:: About this exercise ::
Return each of the entries below precisely, with no pictures in the result.

:: Extracted material ::
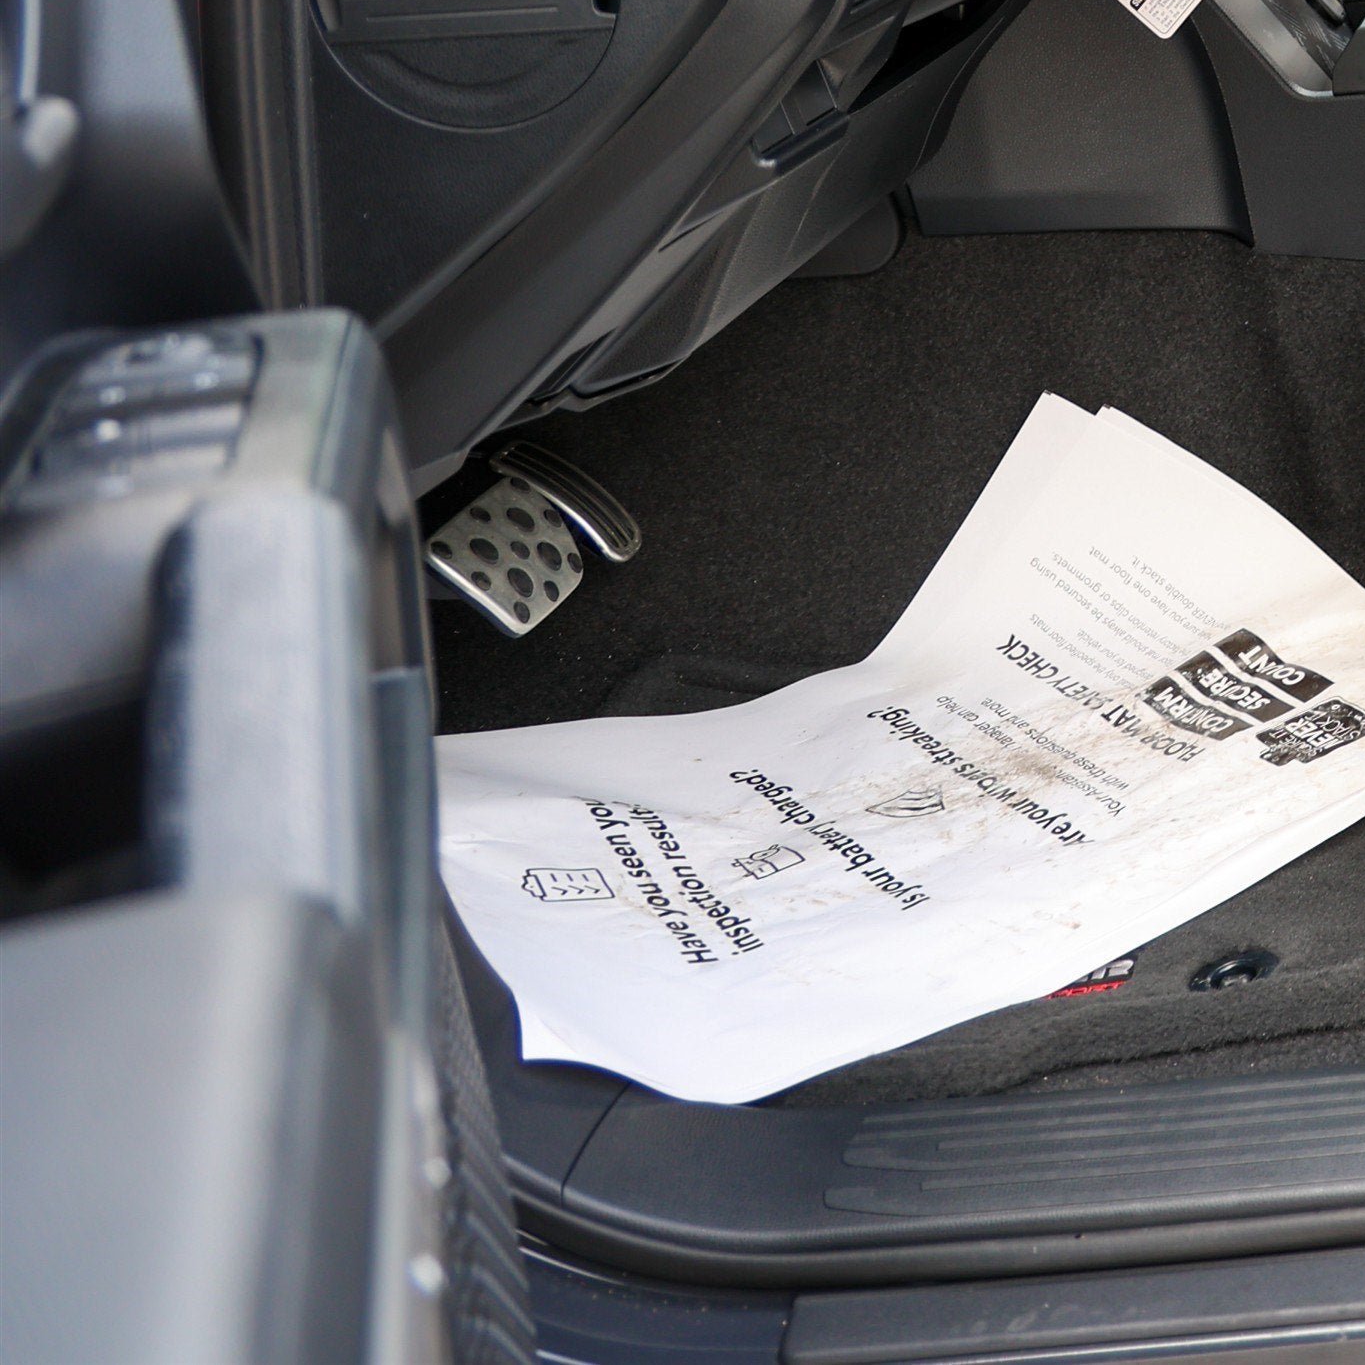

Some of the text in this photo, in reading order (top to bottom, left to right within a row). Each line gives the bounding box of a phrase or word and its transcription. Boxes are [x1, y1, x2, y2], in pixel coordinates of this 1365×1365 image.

[1089, 545, 1110, 564] mat
[1028, 556, 1056, 581] using
[1049, 551, 1101, 592] grommets.
[1109, 562, 1133, 585] floor
[1139, 562, 1166, 584] stack
[1053, 578, 1091, 609] secured
[1099, 590, 1110, 601] or
[1132, 580, 1151, 597] one
[1163, 583, 1195, 610] double
[1090, 606, 1103, 621] be
[1109, 599, 1128, 618] clips
[1150, 594, 1170, 616] have
[1189, 605, 1218, 627] NEVER
[1029, 613, 1050, 631] mats
[1101, 615, 1128, 636] always
[1126, 613, 1159, 639] retention
[1168, 610, 1188, 623] you
[1181, 620, 1200, 634] sure
[1046, 629, 1068, 648] floor
[1120, 631, 1149, 653] should
[1060, 642, 1097, 665] specified
[1099, 645, 1119, 659] your
[1092, 662, 1105, 673] the
[1237, 645, 1306, 686] COUNT
[995, 633, 1205, 763] FLOOR MAT SAFETY CHECK
[1198, 667, 1270, 711] SECURE
[935, 696, 963, 713] help
[956, 706, 979, 723] can
[1152, 685, 1234, 734] CONFIRM
[1003, 713, 1029, 730] and
[1315, 715, 1360, 741] STACK
[866, 703, 961, 770] streaking?
[1024, 727, 1076, 759] questions
[1268, 728, 1287, 739] IT
[1284, 717, 1343, 752] NEVER
[1072, 755, 1105, 780] these
[1100, 772, 1129, 791] with
[1007, 796, 1067, 828] your
[1096, 795, 1125, 815] Your
[729, 769, 929, 909] Is your battery charged?
[1051, 820, 1093, 845] Are
[579, 797, 718, 963] Have you seen you
[612, 801, 764, 954] inspection result

:: Answer to this problem ::
Some of the text in this photo, in reading order (top to bottom, left to right within a row). Each line gives the bounding box of a phrase or word and its transcription. Boxes are [x1, y1, x2, y2], in pixel coordinates of this 1365×1365 image.

[1089, 545, 1110, 564] mat
[1028, 556, 1056, 581] using
[1049, 551, 1101, 592] grommets.
[1109, 562, 1133, 585] floor
[1139, 562, 1166, 584] stack
[1053, 578, 1091, 609] secured
[1099, 590, 1110, 601] or
[1132, 580, 1151, 597] one
[1163, 583, 1195, 610] double
[1090, 606, 1103, 621] be
[1109, 599, 1128, 618] clips
[1150, 594, 1170, 616] have
[1189, 605, 1218, 627] NEVER
[1029, 613, 1050, 631] mats
[1101, 615, 1128, 636] always
[1126, 613, 1159, 639] retention
[1168, 610, 1188, 623] you
[1181, 620, 1200, 634] sure
[1046, 629, 1068, 648] floor
[1120, 631, 1149, 653] should
[1060, 642, 1097, 665] specified
[1099, 645, 1119, 659] your
[1092, 662, 1105, 673] the
[1237, 645, 1306, 686] COUNT
[995, 633, 1205, 763] FLOOR MAT SAFETY CHECK
[1198, 667, 1270, 711] SECURE
[935, 696, 963, 713] help
[956, 706, 979, 723] can
[1152, 685, 1234, 734] CONFIRM
[1003, 713, 1029, 730] and
[1315, 715, 1360, 741] STACK
[866, 703, 961, 770] streaking?
[1024, 727, 1076, 759] questions
[1268, 728, 1287, 739] IT
[1284, 717, 1343, 752] NEVER
[1072, 755, 1105, 780] these
[1100, 772, 1129, 791] with
[1007, 796, 1067, 828] your
[1096, 795, 1125, 815] Your
[729, 769, 929, 909] Is your battery charged?
[1051, 820, 1093, 845] Are
[579, 797, 718, 963] Have you seen you
[612, 801, 764, 954] inspection result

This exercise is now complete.